On Mon, Dec 24, 2012 at 1:17 PM, Grant Edwards
<grant.b.edwa...@gmail.com> wrote:
> On 2012-12-24, Nilesh Govindrajan <m...@nileshgr.com> wrote:
>> On Monday 24 December 2012 09:24:16 AM IST, Grant Edwards wrote:
>>> I'm glad they chose MTP: I want my phone to continue to work while I'm
>>> transferring files.  In order to mount the filesystem via USB, the
>>> phone would have to unmount it (which means it's nothing but a flash
>>> drive).  In order to mount the filesystem via USB, it also means
>>> they'd be forced to use VFAT for the Linux root filesystem, and that
>>> sucks bad.
>>>
>>
>> They still use VFAT for the so called sdcard (my Xperia S has internal
>> storage, not extensible).
>
> That's understandable.  But for phones with only a single flash device
> (like my Nexus Galaxy), using MTP is the only sensical thing to do.
> If you want to access only the SD card, then VFAT and USB mass storage
> works (well, it works as well as VFAT allows).

To a very limited extent. If you have running programs on the phone,
they may very well depend on being able to write to the SD card, and
may crash if the SD card is removed.
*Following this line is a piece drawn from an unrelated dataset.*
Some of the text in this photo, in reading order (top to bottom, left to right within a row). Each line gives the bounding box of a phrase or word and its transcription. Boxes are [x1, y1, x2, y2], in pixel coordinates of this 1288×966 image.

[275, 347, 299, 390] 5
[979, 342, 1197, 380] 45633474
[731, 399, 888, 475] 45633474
In Android, there is _no_
internal storage space for application data; only application code. If
an application is supposed to retain data, it needs to be able to put
it on the SD card.

Similarly, it's very common to move user-installed applications from
internal memory to the phone (for many apps, this doesn't require
rooting the phone). This is problematic if the filesystem is yanked
out from under them while they're running.

VFAT is not designed for concurrent access, and should not be used if
MTP can be made to work. MTP is there specifically to allow the
filesystem to be available to multiple consumers...that of the device
and that of the machine the device is plugged into.